**** RECORDS PROVIDED
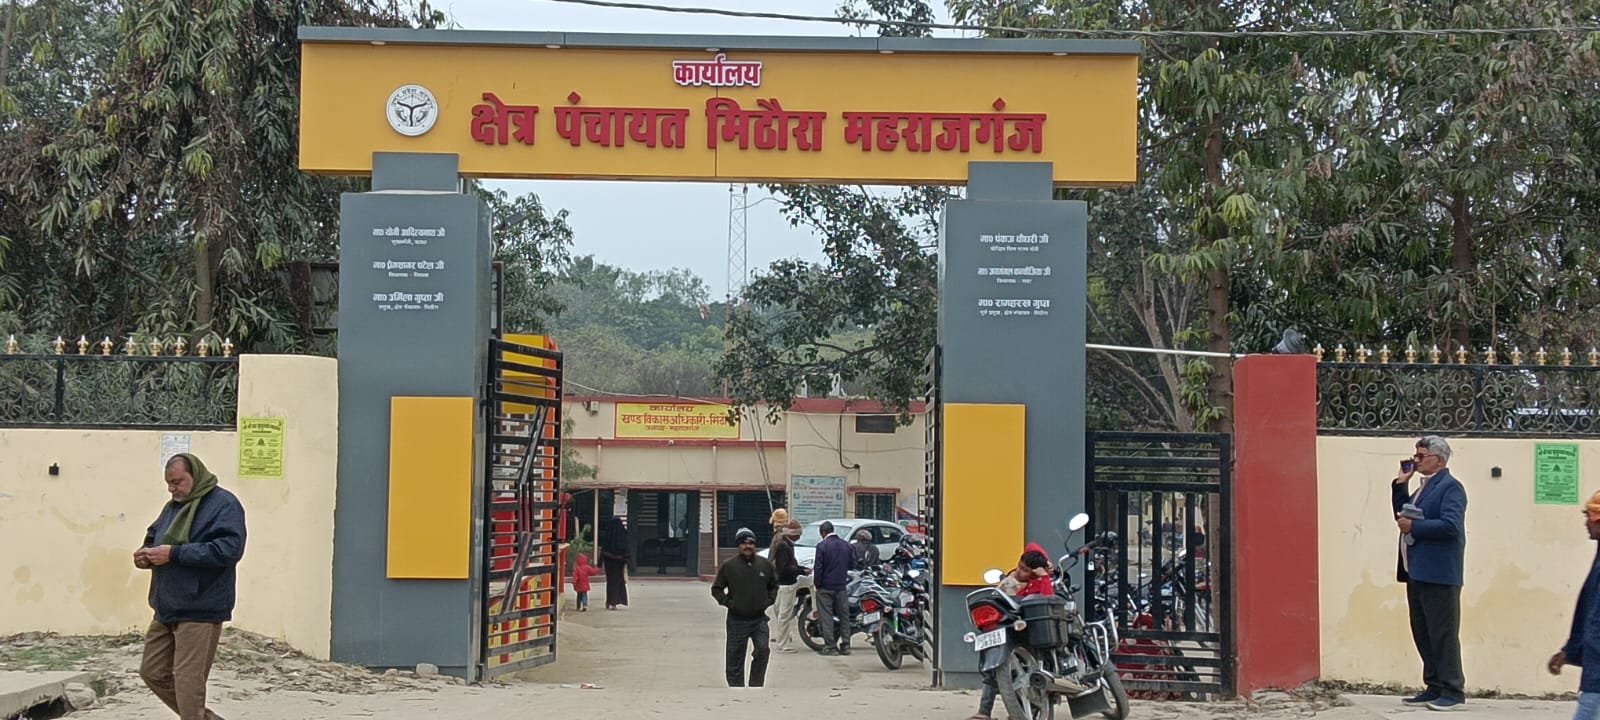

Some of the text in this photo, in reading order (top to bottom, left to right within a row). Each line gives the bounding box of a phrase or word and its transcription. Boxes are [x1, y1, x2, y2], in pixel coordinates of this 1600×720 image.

[672, 53, 762, 86] कार्यालय
[470, 91, 1046, 154] क्षेत्र पंचायत मिठौरा महराजगंज
[621, 414, 641, 424] खण्ड
[644, 413, 670, 425] विकास
[649, 404, 695, 412] कार्यालय
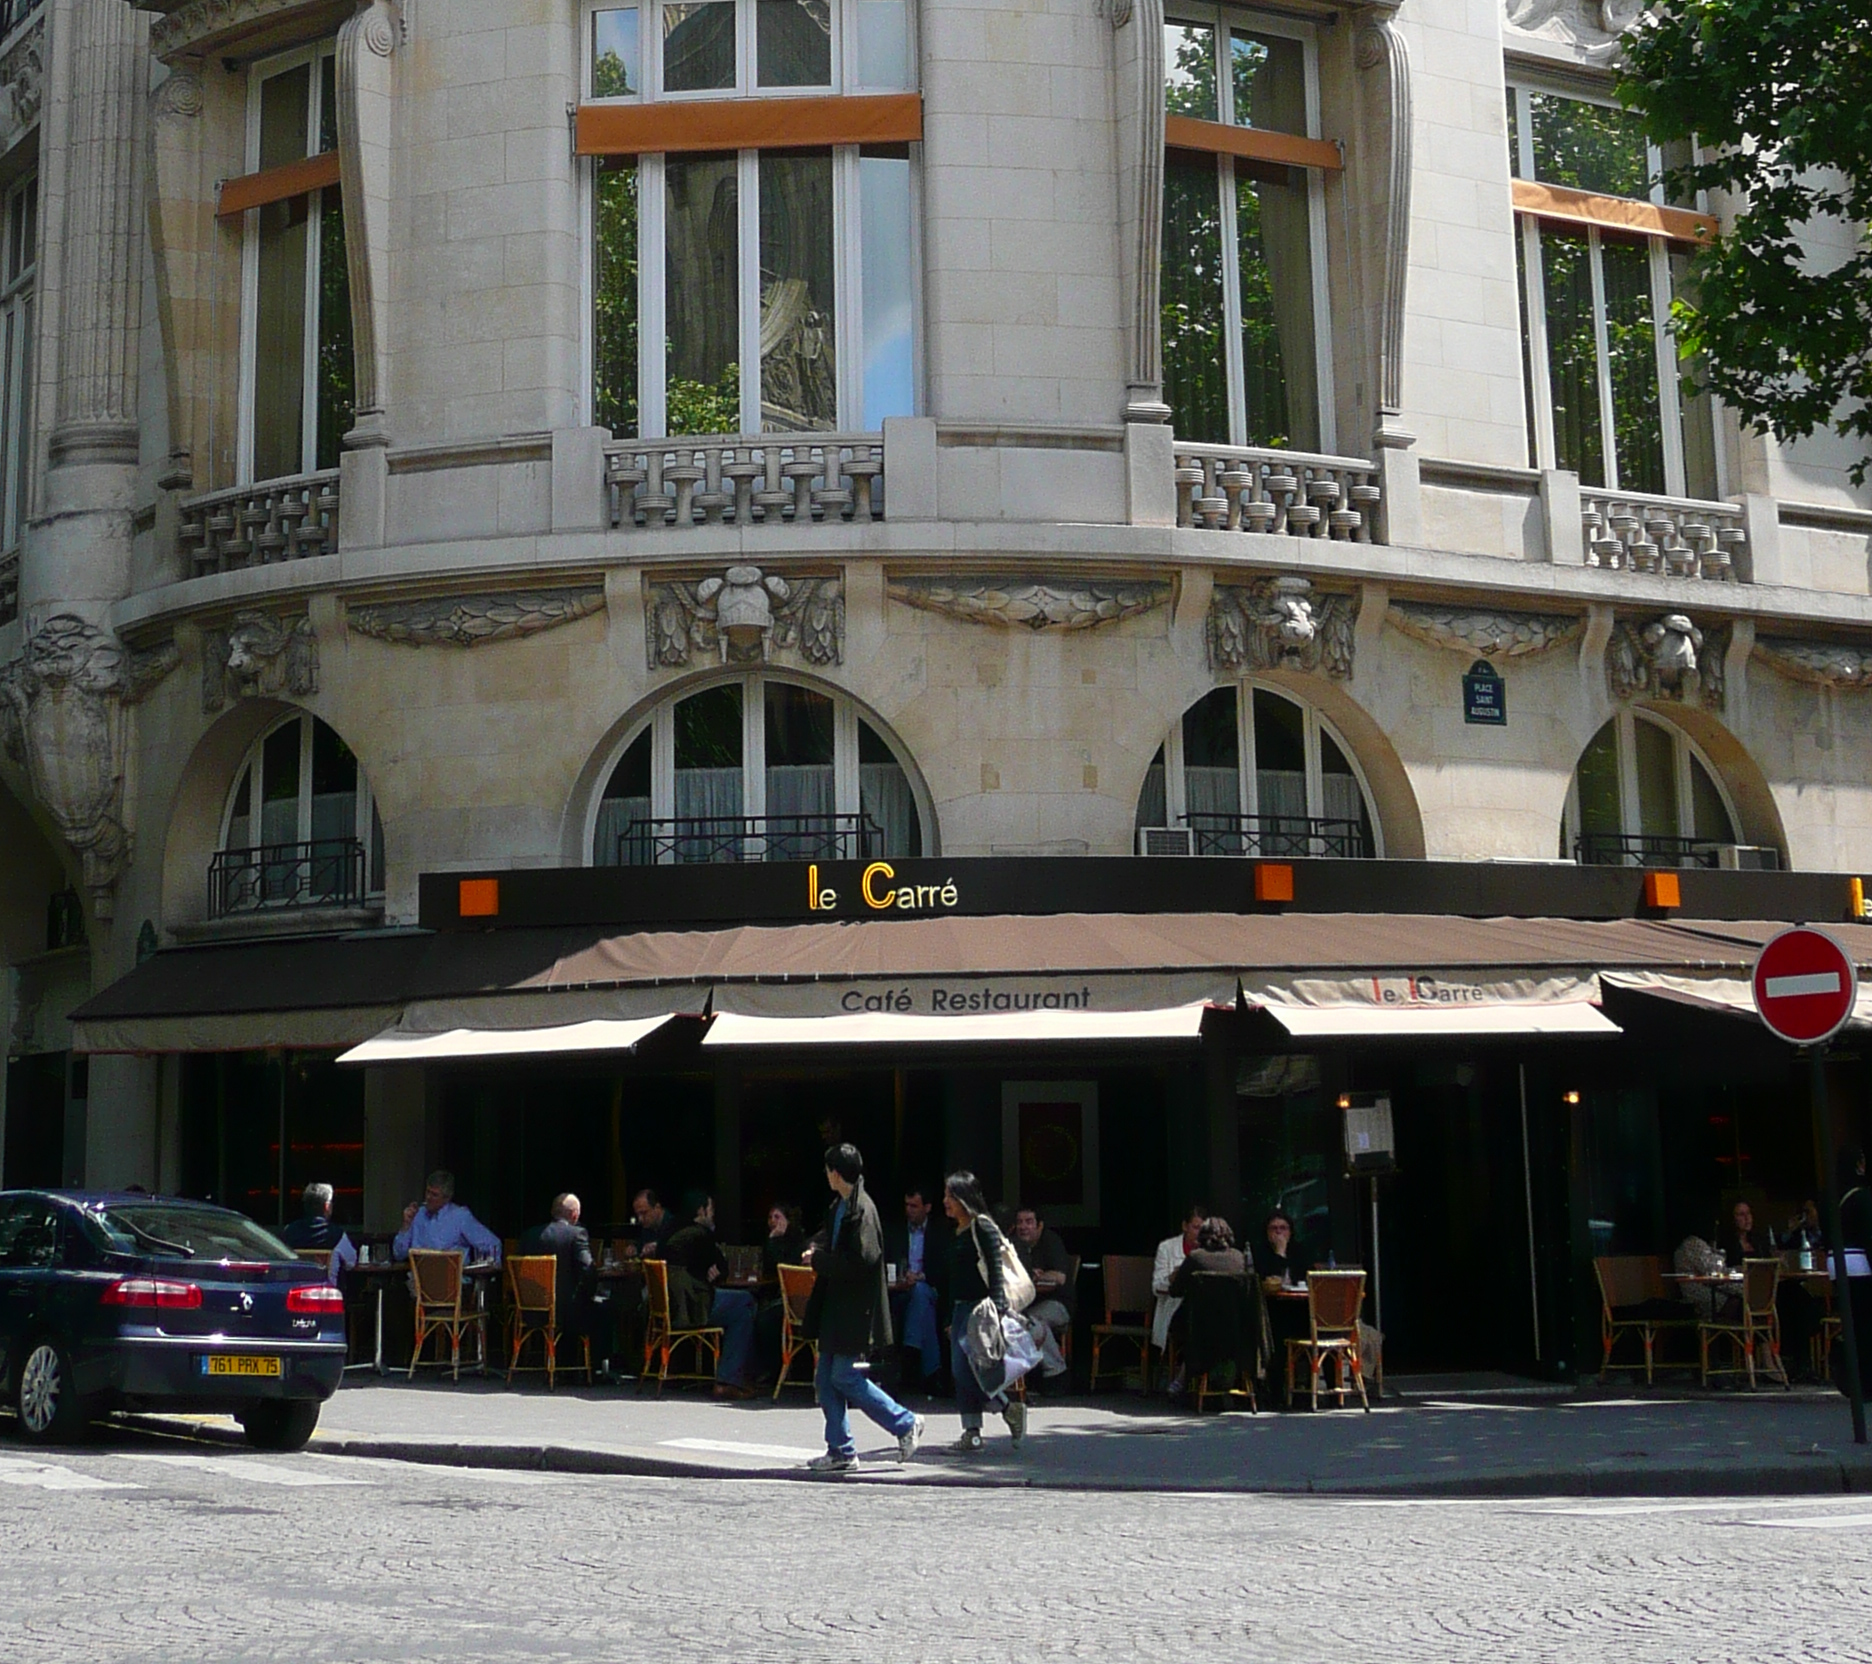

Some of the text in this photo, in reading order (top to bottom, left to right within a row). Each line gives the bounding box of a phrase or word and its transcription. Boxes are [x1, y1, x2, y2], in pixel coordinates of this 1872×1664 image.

[1473, 683, 1494, 693] PLACE
[1475, 695, 1494, 705] SAINT
[808, 862, 958, 910] le Carré
[841, 986, 1091, 1012] Café Restaurant
[211, 1357, 233, 1373] 761
[263, 1358, 278, 1374] 75
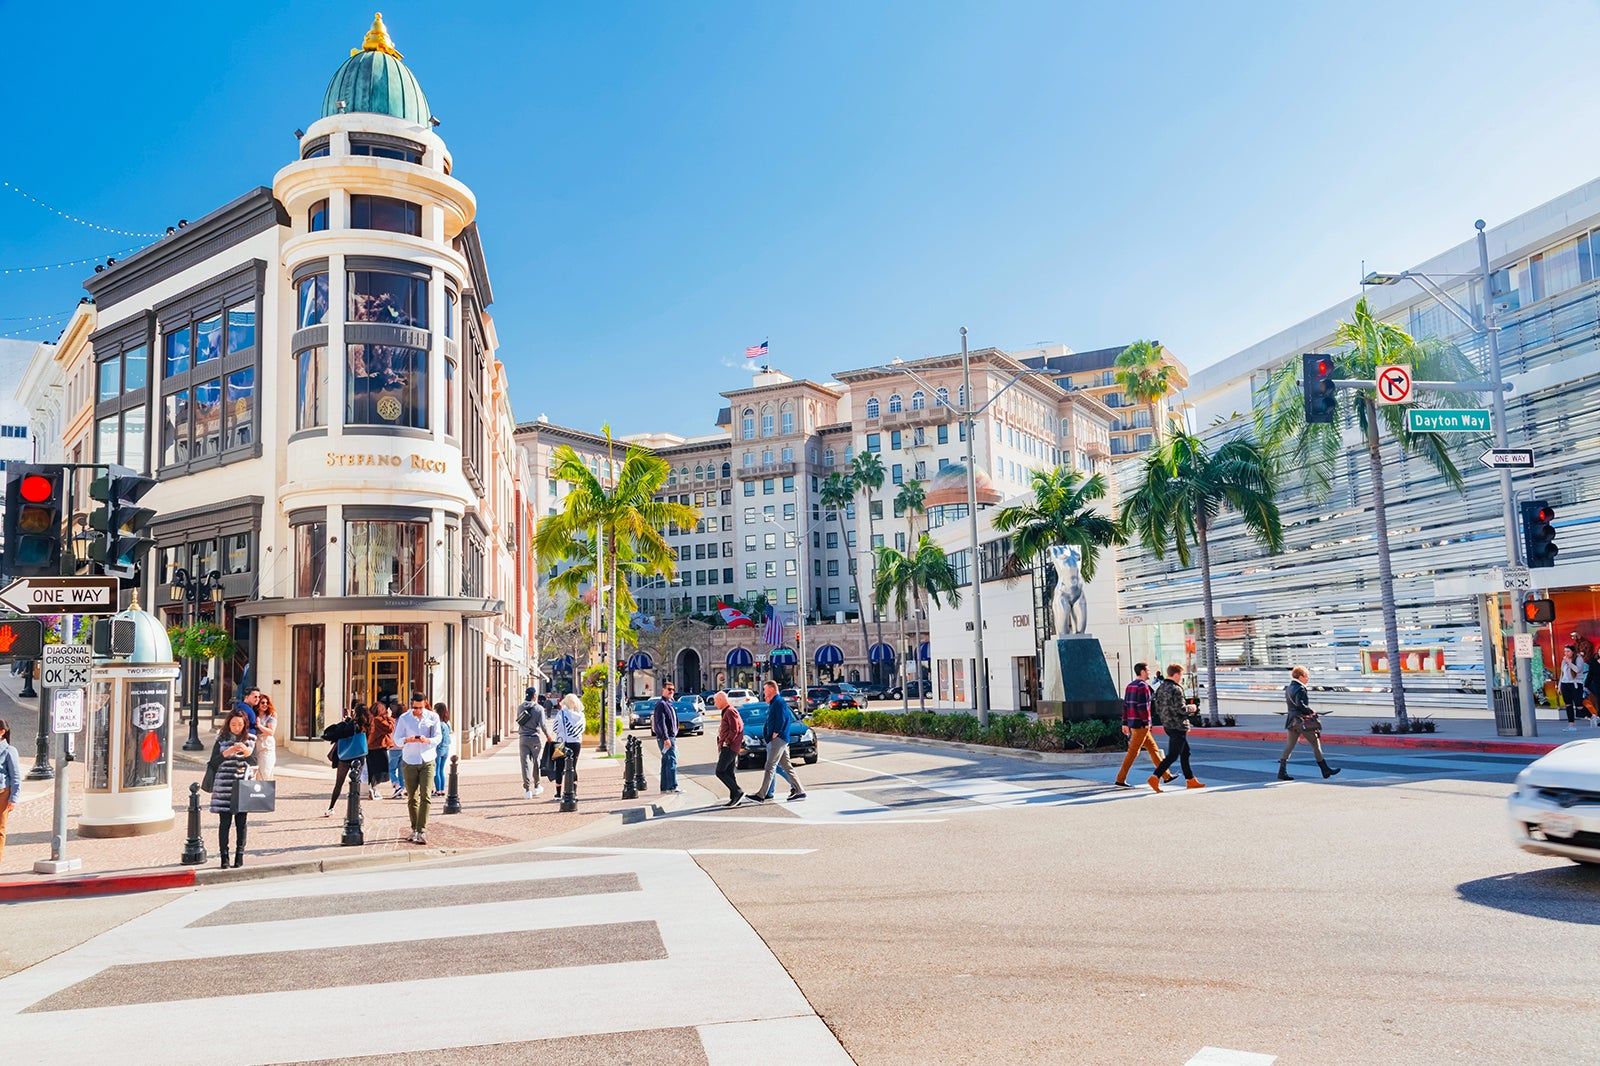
********
PROBLEM STATEMENT >>
Return every record exactly, without the pictures.

ANSWER SPACE >>
Some of the text in this photo, in reading order (top to bottom, left to right within a row). Each line gives the bounding box of a phrase or word and its transcription. Boxes are [x1, y1, x2, y2], in pixel coordinates of this 1600×720 image.

[672, 53, 762, 86] कार्यालय
[470, 91, 1046, 154] क्षेत्र पंचायत मिठौरा महराजगंज
[621, 414, 641, 424] खण्ड
[644, 413, 670, 425] विकास
[649, 404, 695, 412] कार्यालय

Some of the text in this photo, in reading order (top to bottom, left to right within a row). Each line gives the bounding box of a phrase or word and its transcription. Boxes are [x1, y1, x2, y2], in pixel coordinates of this 1872×1664 image.

[1473, 683, 1494, 693] PLACE
[1475, 695, 1494, 705] SAINT
[808, 862, 958, 910] le Carré
[841, 986, 1091, 1012] Café Restaurant
[211, 1357, 233, 1373] 761
[263, 1358, 278, 1374] 75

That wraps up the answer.